> What the exercise asks
Could you restate every entry word for word, leaving the pictures out?

> Records supplied
|---|
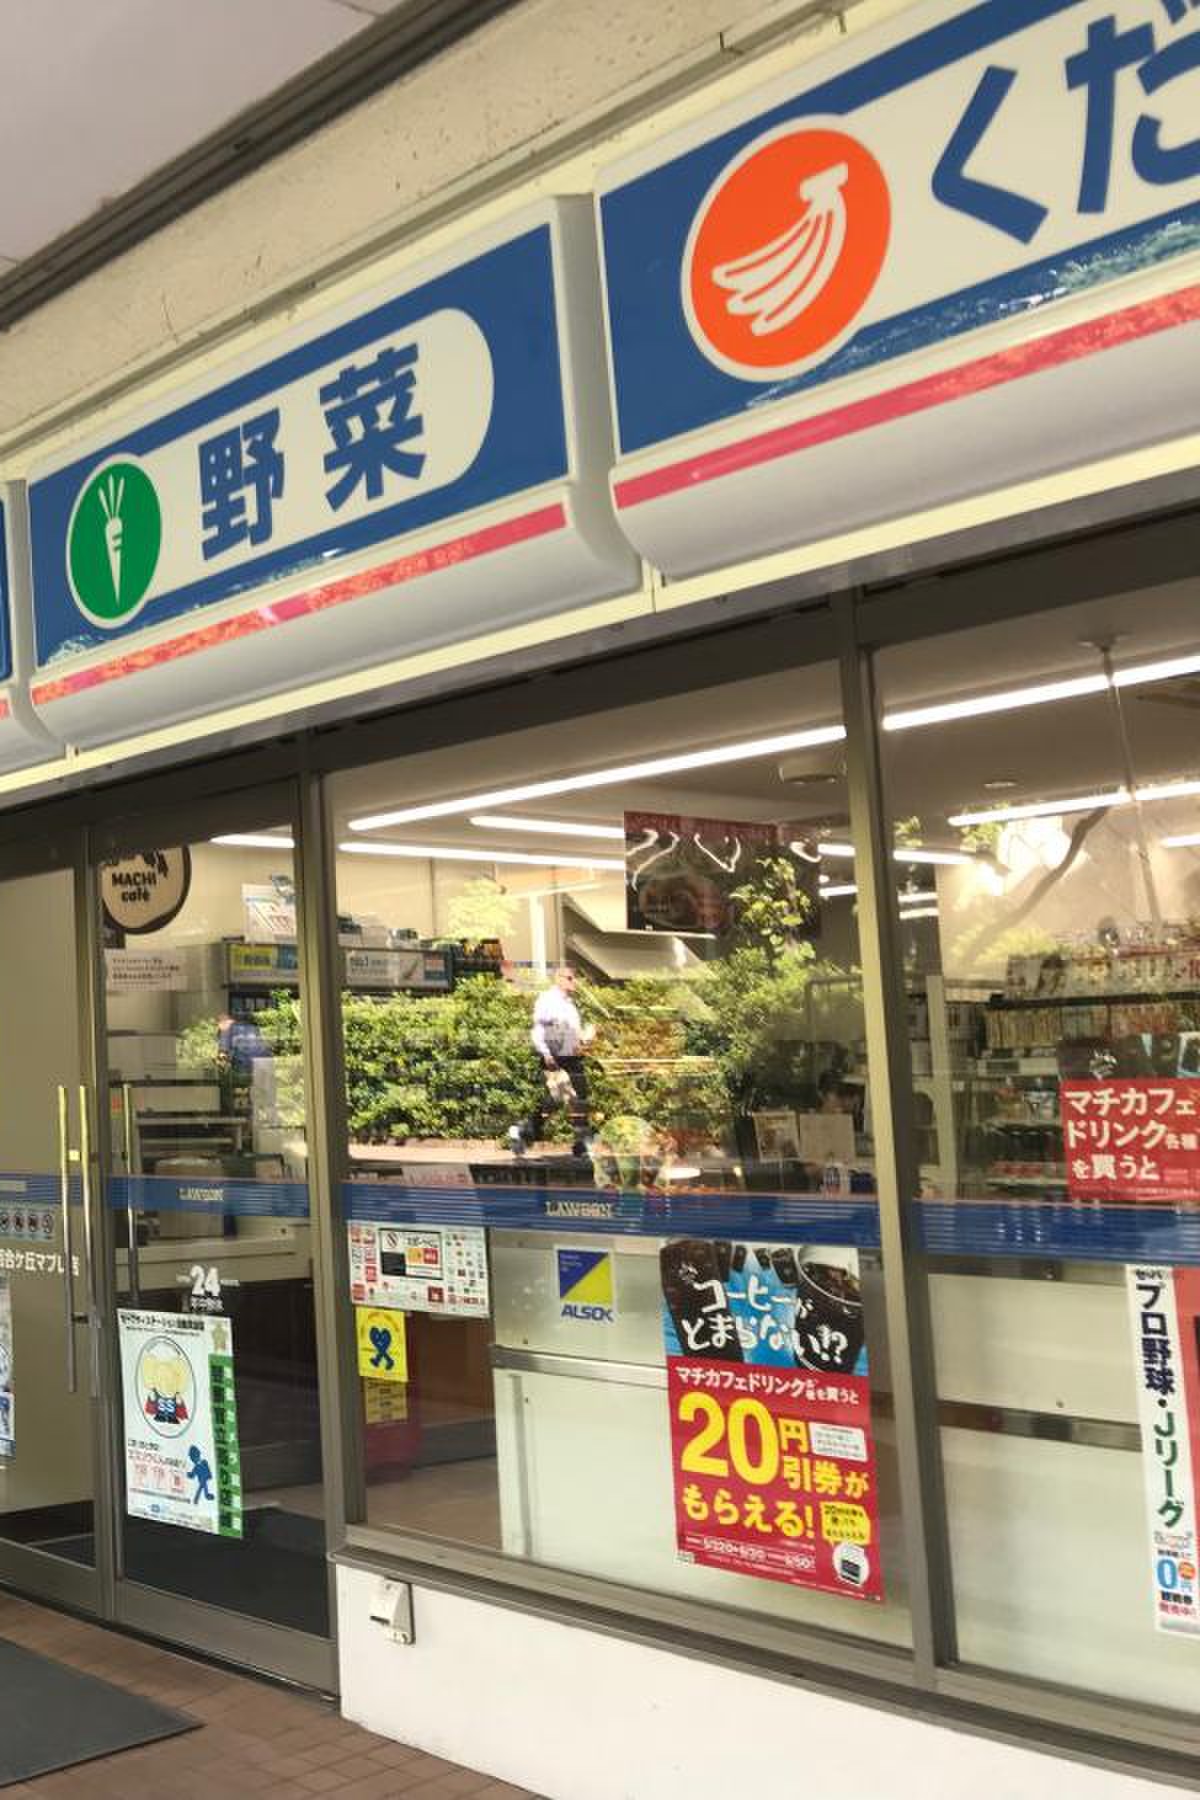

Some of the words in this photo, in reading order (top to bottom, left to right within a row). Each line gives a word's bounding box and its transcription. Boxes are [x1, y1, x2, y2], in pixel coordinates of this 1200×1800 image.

[198, 343, 426, 561] 野菜
[111, 872, 157, 887] MACHI
[1065, 1087, 1197, 1116] マチカフェ
[1071, 1154, 1161, 1180] を買うと
[544, 1201, 613, 1217] LAWSON
[190, 1265, 221, 1297] 24
[693, 1274, 814, 1319] コーヒーが
[560, 1303, 615, 1323] ALSOK
[678, 1391, 780, 1485] 20
[683, 1483, 815, 1539] もらえる!
|---|
> Response to this exercise
Some of the words in this photo, in reading order (top to bottom, left to right within a row). Each line gives a word's bounding box and its transcription. Boxes are [x1, y1, x2, y2], in pixel coordinates of this 1200×1800 image.

[198, 343, 426, 561] 野菜
[111, 872, 157, 887] MACHI
[1065, 1087, 1197, 1116] マチカフェ
[1071, 1154, 1161, 1180] を買うと
[544, 1201, 613, 1217] LAWSON
[190, 1265, 221, 1297] 24
[693, 1274, 814, 1319] コーヒーが
[560, 1303, 615, 1323] ALSOK
[678, 1391, 780, 1485] 20
[683, 1483, 815, 1539] もらえる!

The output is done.